**Records to process:**
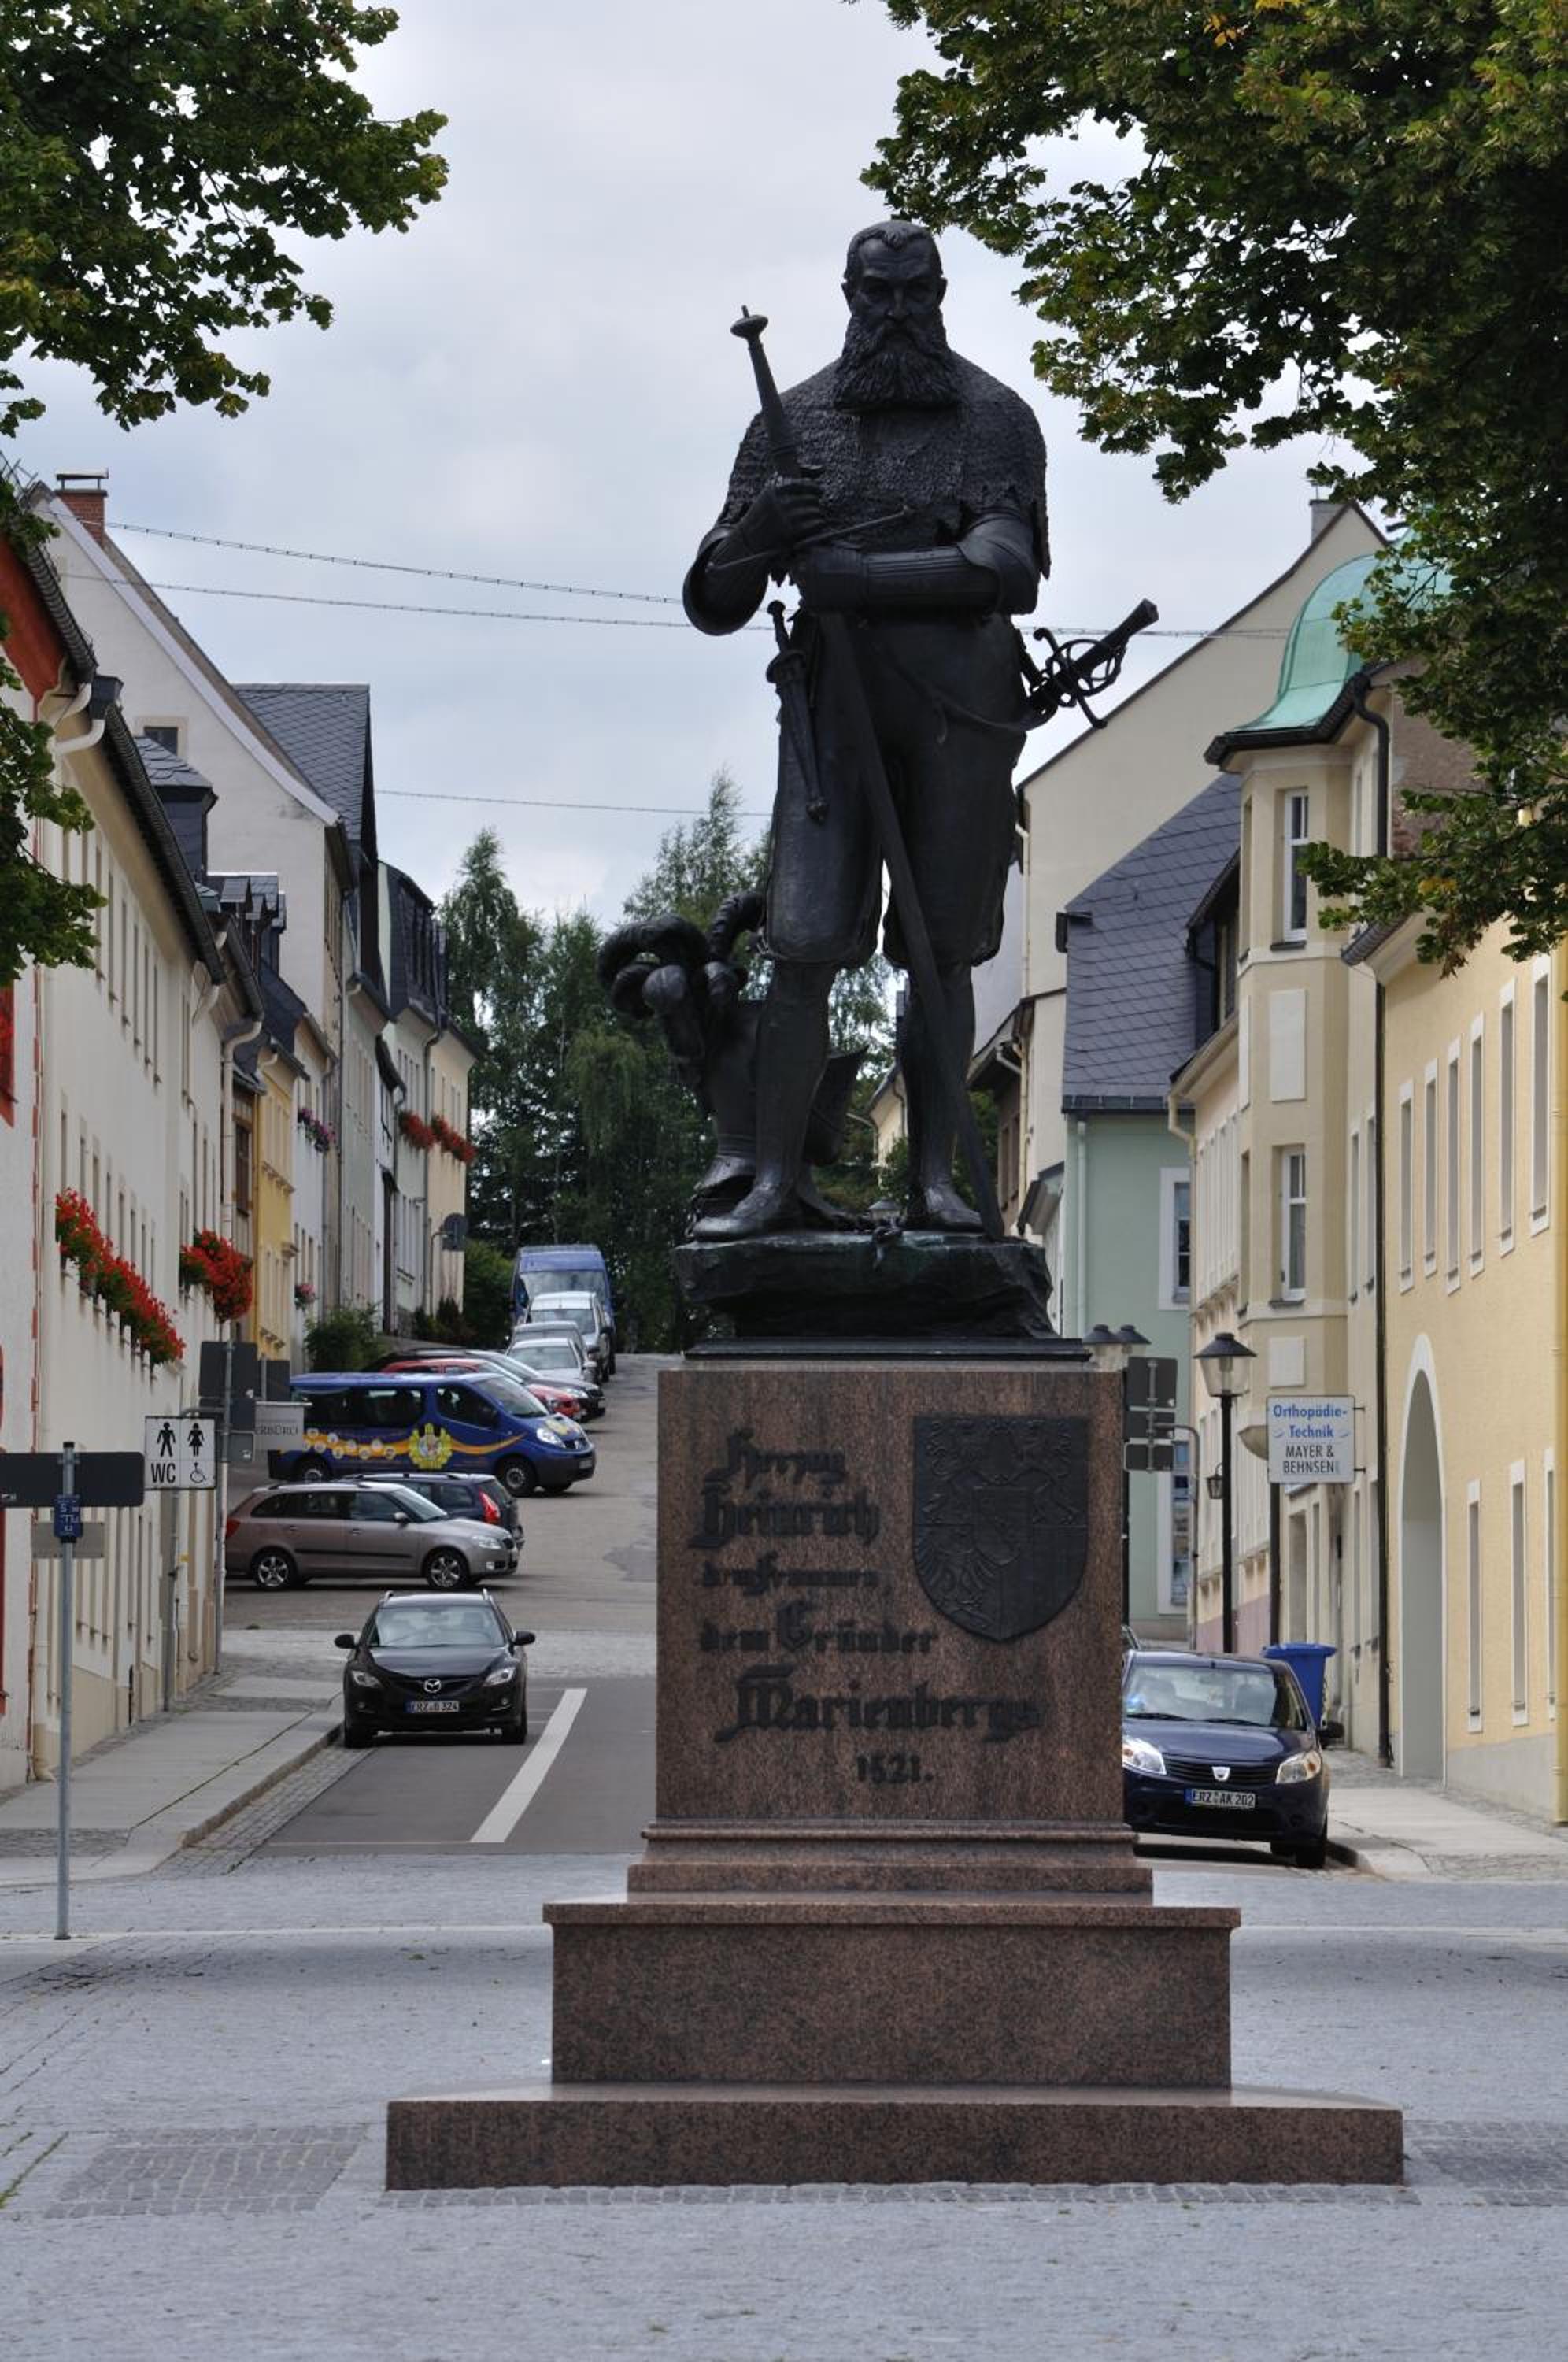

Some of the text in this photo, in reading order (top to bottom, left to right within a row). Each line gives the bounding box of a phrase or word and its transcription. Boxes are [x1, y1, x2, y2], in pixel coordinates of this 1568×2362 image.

[1289, 1424, 1335, 1438] Technik
[1285, 1445, 1334, 1457] MAYER &
[150, 1462, 176, 1483] WC
[1282, 1461, 1334, 1473] BEHNSEN

**Exercise details:**
Skip every picture and transcribe the data above exactly.

**Task answer:**
Some of the text in this photo, in reading order (top to bottom, left to right within a row). Each line gives the bounding box of a phrase or word and its transcription. Boxes are [x1, y1, x2, y2], in pixel coordinates of this 1568×2362 image.

[1289, 1424, 1335, 1438] Technik
[1285, 1445, 1334, 1457] MAYER &
[150, 1462, 176, 1483] WC
[1282, 1461, 1334, 1473] BEHNSEN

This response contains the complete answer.